PROBLEM STATEMENT: Word for word, restate every entry shown below.

Items from a data source

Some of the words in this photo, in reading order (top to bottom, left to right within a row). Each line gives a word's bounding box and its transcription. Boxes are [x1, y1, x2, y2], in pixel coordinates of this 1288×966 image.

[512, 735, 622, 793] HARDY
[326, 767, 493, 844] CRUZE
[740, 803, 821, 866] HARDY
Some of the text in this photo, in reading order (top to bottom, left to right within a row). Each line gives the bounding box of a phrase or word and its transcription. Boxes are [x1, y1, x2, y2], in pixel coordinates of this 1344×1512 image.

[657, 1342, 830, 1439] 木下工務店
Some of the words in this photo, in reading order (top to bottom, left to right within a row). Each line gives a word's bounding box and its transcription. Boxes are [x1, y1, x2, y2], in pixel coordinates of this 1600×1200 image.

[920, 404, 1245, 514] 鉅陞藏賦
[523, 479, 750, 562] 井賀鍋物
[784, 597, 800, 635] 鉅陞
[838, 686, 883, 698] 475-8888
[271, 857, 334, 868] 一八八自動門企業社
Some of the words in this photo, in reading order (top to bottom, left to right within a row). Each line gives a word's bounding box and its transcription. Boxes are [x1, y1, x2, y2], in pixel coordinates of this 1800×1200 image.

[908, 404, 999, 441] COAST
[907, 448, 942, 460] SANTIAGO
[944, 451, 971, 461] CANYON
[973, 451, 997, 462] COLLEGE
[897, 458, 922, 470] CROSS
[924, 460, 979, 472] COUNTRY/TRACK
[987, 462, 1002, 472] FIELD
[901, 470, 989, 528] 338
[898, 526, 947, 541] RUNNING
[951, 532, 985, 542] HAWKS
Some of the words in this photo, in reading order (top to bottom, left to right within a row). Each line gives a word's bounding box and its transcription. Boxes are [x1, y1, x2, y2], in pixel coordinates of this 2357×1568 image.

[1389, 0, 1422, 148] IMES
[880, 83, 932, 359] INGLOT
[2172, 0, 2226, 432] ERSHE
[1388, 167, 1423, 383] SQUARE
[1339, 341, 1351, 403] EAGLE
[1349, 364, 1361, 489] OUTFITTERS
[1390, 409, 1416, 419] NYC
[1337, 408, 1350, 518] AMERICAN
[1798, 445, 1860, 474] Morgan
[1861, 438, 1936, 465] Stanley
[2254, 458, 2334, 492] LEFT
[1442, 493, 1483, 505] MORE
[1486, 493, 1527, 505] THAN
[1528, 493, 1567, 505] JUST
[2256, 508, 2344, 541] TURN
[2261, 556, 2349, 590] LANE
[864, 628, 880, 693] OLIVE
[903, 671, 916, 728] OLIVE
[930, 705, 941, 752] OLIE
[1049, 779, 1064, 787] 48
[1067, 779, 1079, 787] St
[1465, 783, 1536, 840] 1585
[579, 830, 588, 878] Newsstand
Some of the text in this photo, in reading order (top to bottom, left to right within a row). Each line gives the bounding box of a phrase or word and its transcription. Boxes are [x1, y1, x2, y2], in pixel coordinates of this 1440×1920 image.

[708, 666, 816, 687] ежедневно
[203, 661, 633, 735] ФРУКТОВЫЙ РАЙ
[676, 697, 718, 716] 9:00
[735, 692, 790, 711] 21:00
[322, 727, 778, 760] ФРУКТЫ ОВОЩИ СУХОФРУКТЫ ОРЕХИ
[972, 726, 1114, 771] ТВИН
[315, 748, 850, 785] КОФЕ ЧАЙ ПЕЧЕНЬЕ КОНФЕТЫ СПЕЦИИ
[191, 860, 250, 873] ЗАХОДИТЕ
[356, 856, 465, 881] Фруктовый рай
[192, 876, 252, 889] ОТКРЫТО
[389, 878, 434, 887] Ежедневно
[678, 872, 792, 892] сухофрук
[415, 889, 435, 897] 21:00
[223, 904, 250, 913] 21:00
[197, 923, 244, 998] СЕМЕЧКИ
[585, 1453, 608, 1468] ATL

ANSWER AREA:
Some of the words in this photo, in reading order (top to bottom, left to right within a row). Each line gives a word's bounding box and its transcription. Boxes are [x1, y1, x2, y2], in pixel coordinates of this 1288×966 image.

[512, 735, 622, 793] HARDY
[326, 767, 493, 844] CRUZE
[740, 803, 821, 866] HARDY
Some of the text in this photo, in reading order (top to bottom, left to right within a row). Each line gives the bounding box of a phrase or word and its transcription. Boxes are [x1, y1, x2, y2], in pixel coordinates of this 1344×1512 image.

[657, 1342, 830, 1439] 木下工務店
Some of the words in this photo, in reading order (top to bottom, left to right within a row). Each line gives a word's bounding box and its transcription. Boxes are [x1, y1, x2, y2], in pixel coordinates of this 1600×1200 image.

[920, 404, 1245, 514] 鉅陞藏賦
[523, 479, 750, 562] 井賀鍋物
[784, 597, 800, 635] 鉅陞
[838, 686, 883, 698] 475-8888
[271, 857, 334, 868] 一八八自動門企業社
Some of the words in this photo, in reading order (top to bottom, left to right within a row). Each line gives a word's bounding box and its transcription. Boxes are [x1, y1, x2, y2], in pixel coordinates of this 1800×1200 image.

[908, 404, 999, 441] COAST
[907, 448, 942, 460] SANTIAGO
[944, 451, 971, 461] CANYON
[973, 451, 997, 462] COLLEGE
[897, 458, 922, 470] CROSS
[924, 460, 979, 472] COUNTRY/TRACK
[987, 462, 1002, 472] FIELD
[901, 470, 989, 528] 338
[898, 526, 947, 541] RUNNING
[951, 532, 985, 542] HAWKS
Some of the words in this photo, in reading order (top to bottom, left to right within a row). Each line gives a word's bounding box and its transcription. Boxes are [x1, y1, x2, y2], in pixel coordinates of this 2357×1568 image.

[1389, 0, 1422, 148] IMES
[880, 83, 932, 359] INGLOT
[2172, 0, 2226, 432] ERSHE
[1388, 167, 1423, 383] SQUARE
[1339, 341, 1351, 403] EAGLE
[1349, 364, 1361, 489] OUTFITTERS
[1390, 409, 1416, 419] NYC
[1337, 408, 1350, 518] AMERICAN
[1798, 445, 1860, 474] Morgan
[1861, 438, 1936, 465] Stanley
[2254, 458, 2334, 492] LEFT
[1442, 493, 1483, 505] MORE
[1486, 493, 1527, 505] THAN
[1528, 493, 1567, 505] JUST
[2256, 508, 2344, 541] TURN
[2261, 556, 2349, 590] LANE
[864, 628, 880, 693] OLIVE
[903, 671, 916, 728] OLIVE
[930, 705, 941, 752] OLIE
[1049, 779, 1064, 787] 48
[1067, 779, 1079, 787] St
[1465, 783, 1536, 840] 1585
[579, 830, 588, 878] Newsstand
Some of the text in this photo, in reading order (top to bottom, left to right within a row). Each line gives the bounding box of a phrase or word and its transcription. Boxes are [x1, y1, x2, y2], in pixel coordinates of this 1440×1920 image.

[708, 666, 816, 687] ежедневно
[203, 661, 633, 735] ФРУКТОВЫЙ РАЙ
[676, 697, 718, 716] 9:00
[735, 692, 790, 711] 21:00
[322, 727, 778, 760] ФРУКТЫ ОВОЩИ СУХОФРУКТЫ ОРЕХИ
[972, 726, 1114, 771] ТВИН
[315, 748, 850, 785] КОФЕ ЧАЙ ПЕЧЕНЬЕ КОНФЕТЫ СПЕЦИИ
[191, 860, 250, 873] ЗАХОДИТЕ
[356, 856, 465, 881] Фруктовый рай
[192, 876, 252, 889] ОТКРЫТО
[389, 878, 434, 887] Ежедневно
[678, 872, 792, 892] сухофрук
[415, 889, 435, 897] 21:00
[223, 904, 250, 913] 21:00
[197, 923, 244, 998] СЕМЕЧКИ
[585, 1453, 608, 1468] ATL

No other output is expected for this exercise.